DATA Start Marker
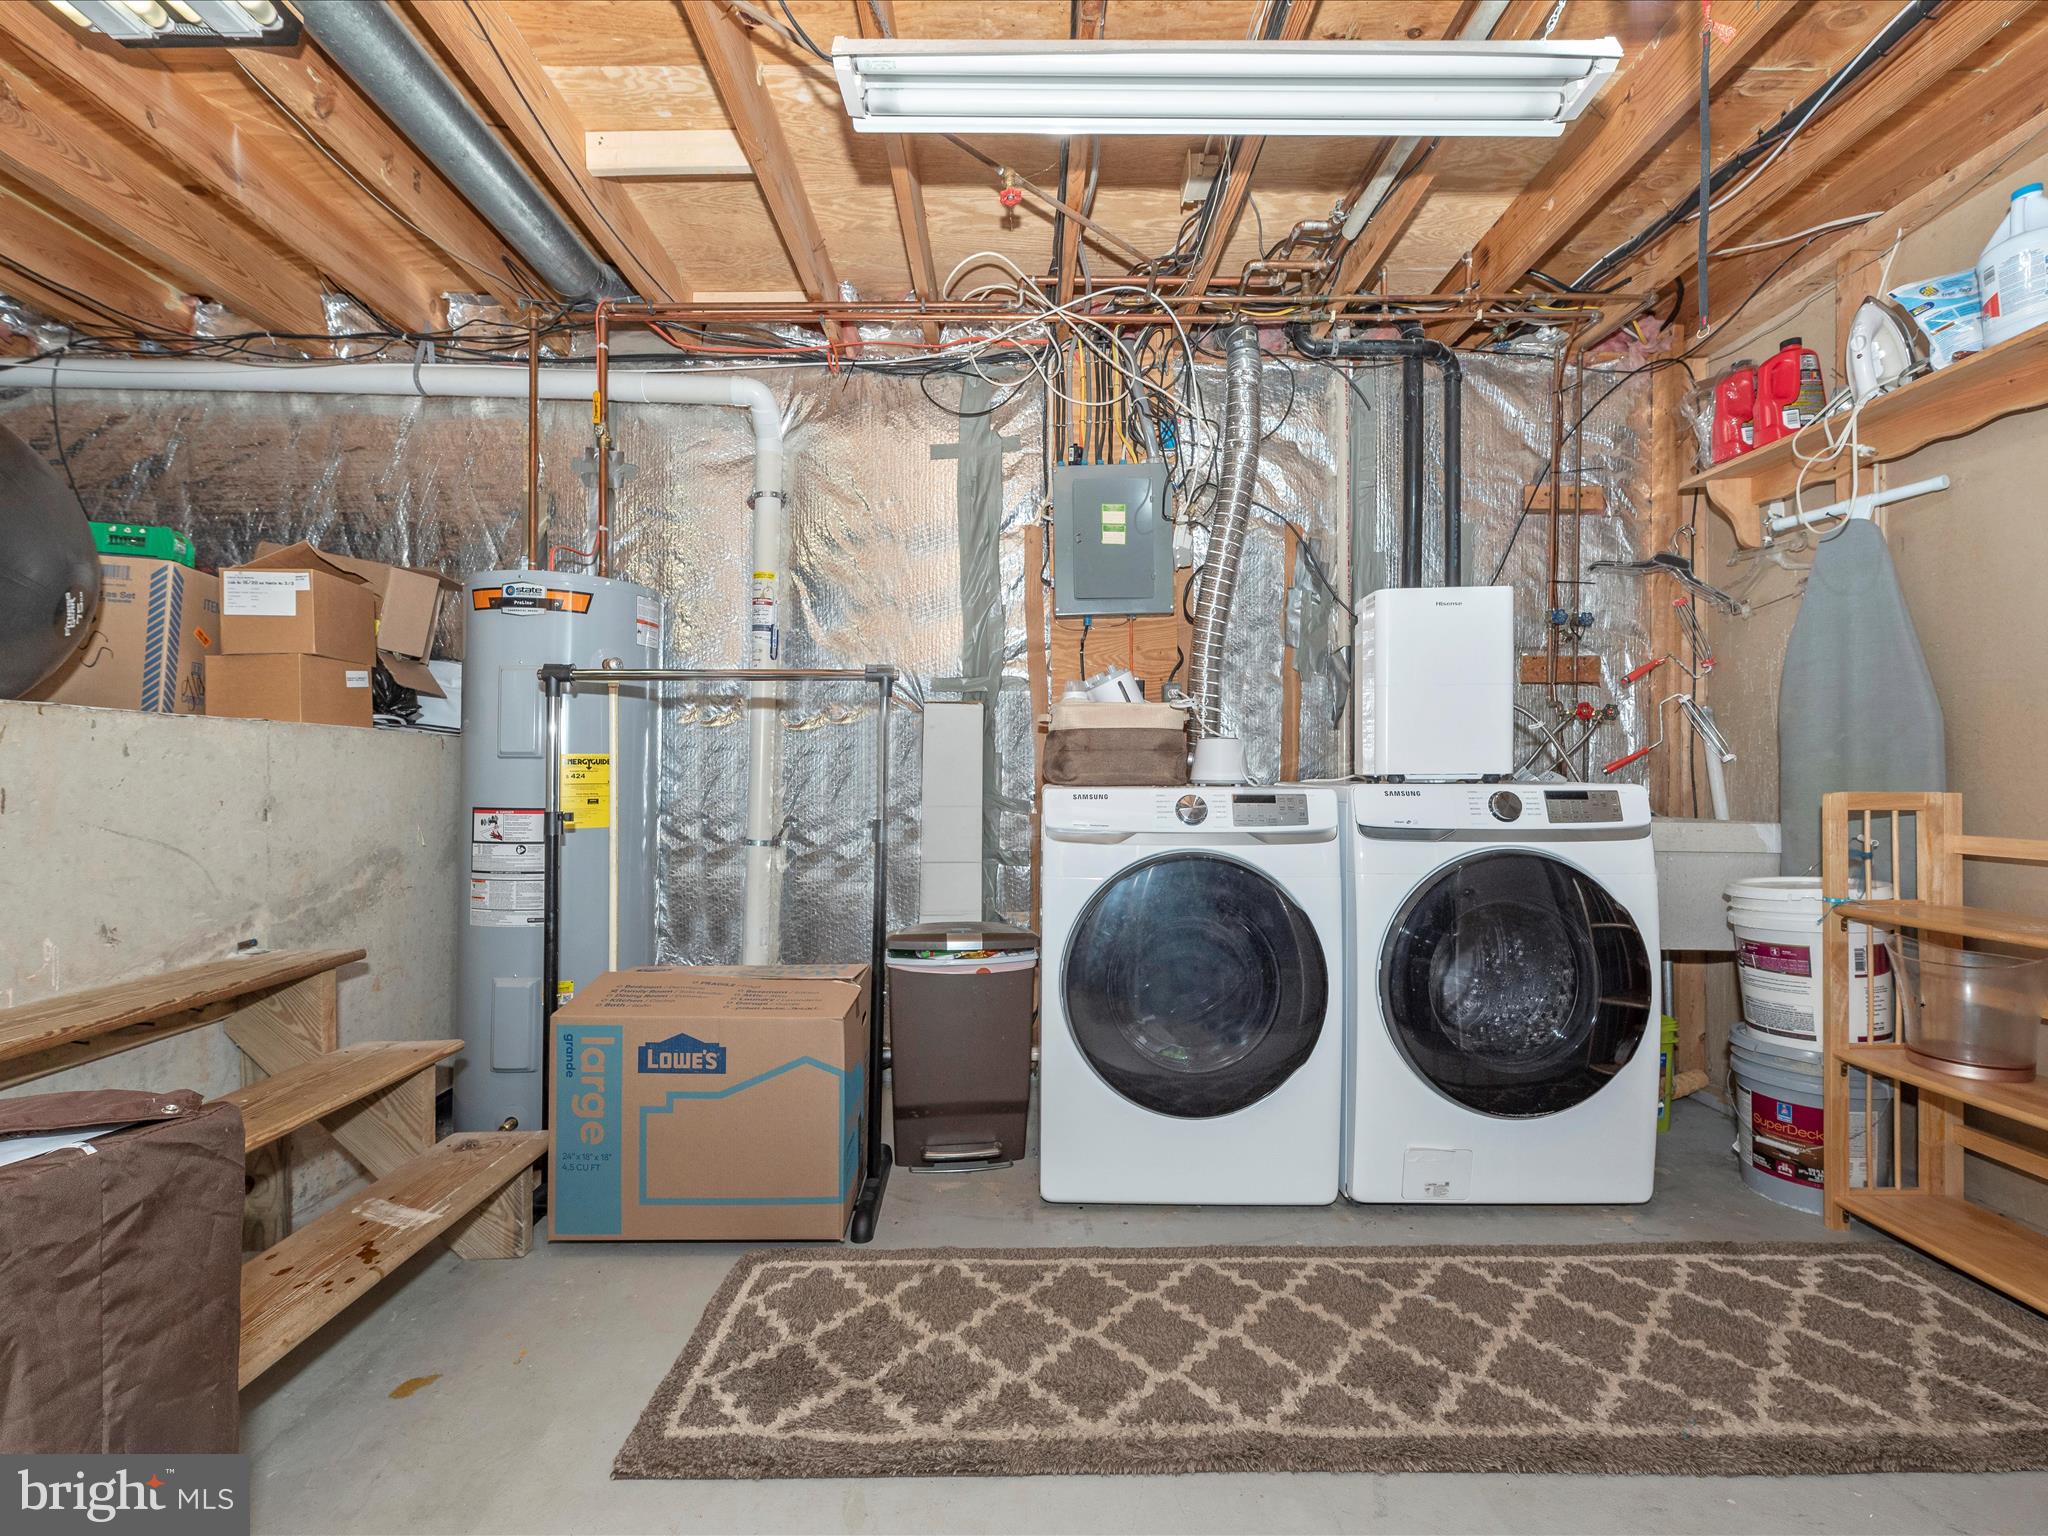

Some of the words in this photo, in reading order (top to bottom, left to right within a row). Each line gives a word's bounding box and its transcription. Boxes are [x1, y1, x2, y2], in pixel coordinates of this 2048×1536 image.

[563, 1033, 577, 1078] grande
[647, 1048, 719, 1070] LOWE'S
[570, 1036, 615, 1145] large
[1753, 1112, 1824, 1141] SuperDeck
[576, 1163, 589, 1171] CU
[590, 1163, 601, 1171] FT
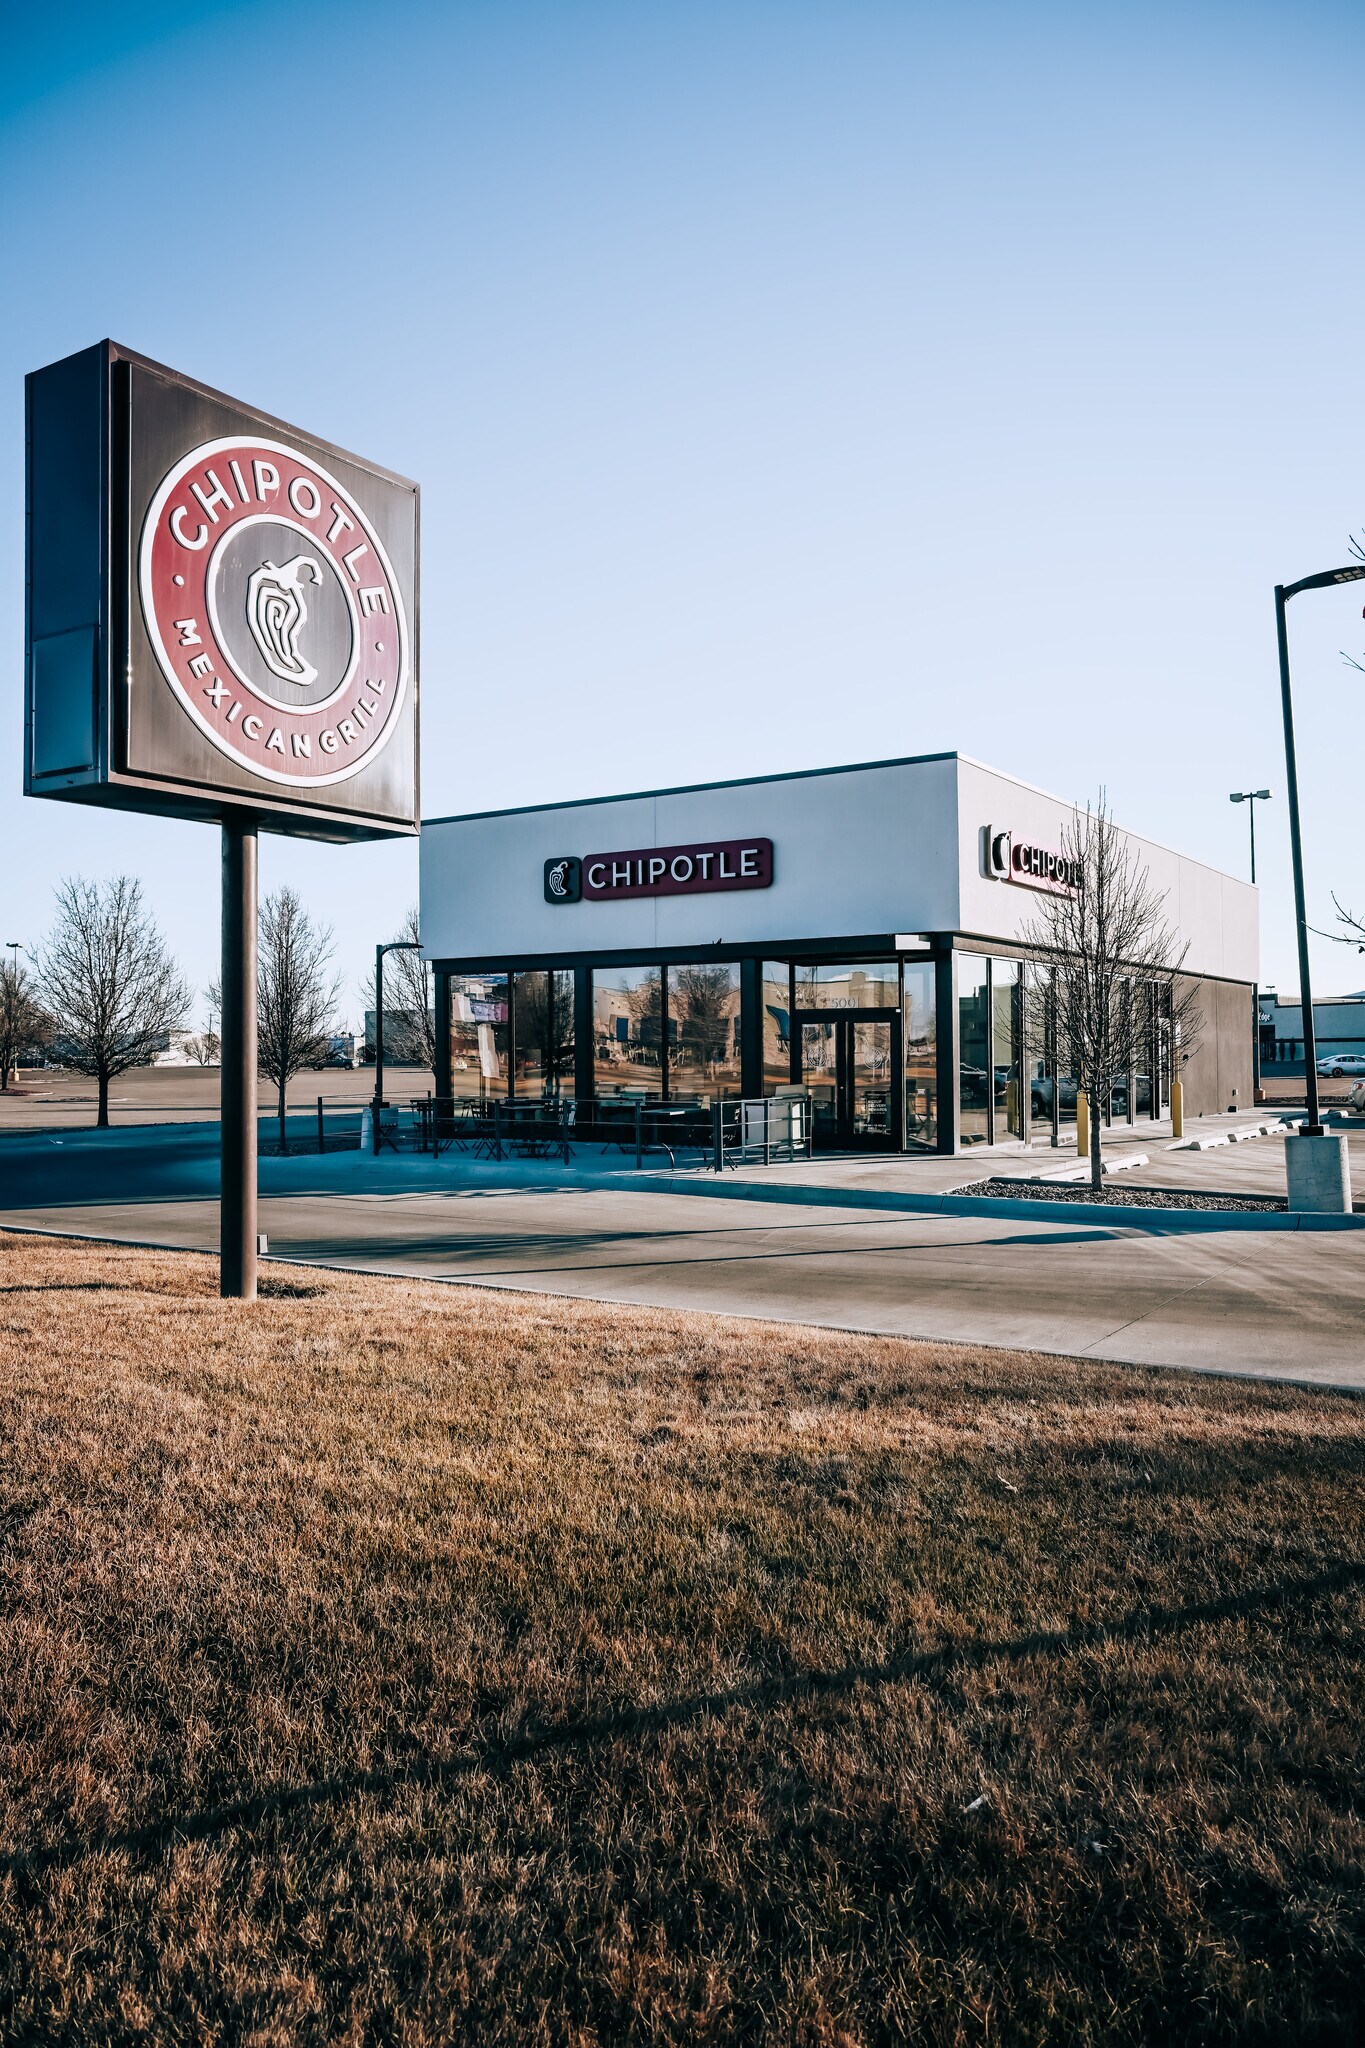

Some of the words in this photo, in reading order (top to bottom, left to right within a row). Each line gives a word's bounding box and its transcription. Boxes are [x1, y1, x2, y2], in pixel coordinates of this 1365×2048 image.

[170, 460, 391, 618] CHIPOTLE
[174, 618, 313, 759] MEXICAN
[319, 677, 388, 755] GRILL
[588, 849, 759, 890] CHIPOTLE
[1020, 843, 1084, 887] CHIPOTL
DATA End Marker
EXERCISE DETAILS:
Find the line that contains "this 1365×2048 image." in the data above. Reproduce it and every later line exactly, through the last one.

RESPONSE FOR THIS EXERCISE:
Some of the words in this photo, in reading order (top to bottom, left to right within a row). Each line gives a word's bounding box and its transcription. Boxes are [x1, y1, x2, y2], in pixel coordinates of this 1365×2048 image.

[170, 460, 391, 618] CHIPOTLE
[174, 618, 313, 759] MEXICAN
[319, 677, 388, 755] GRILL
[588, 849, 759, 890] CHIPOTLE
[1020, 843, 1084, 887] CHIPOTL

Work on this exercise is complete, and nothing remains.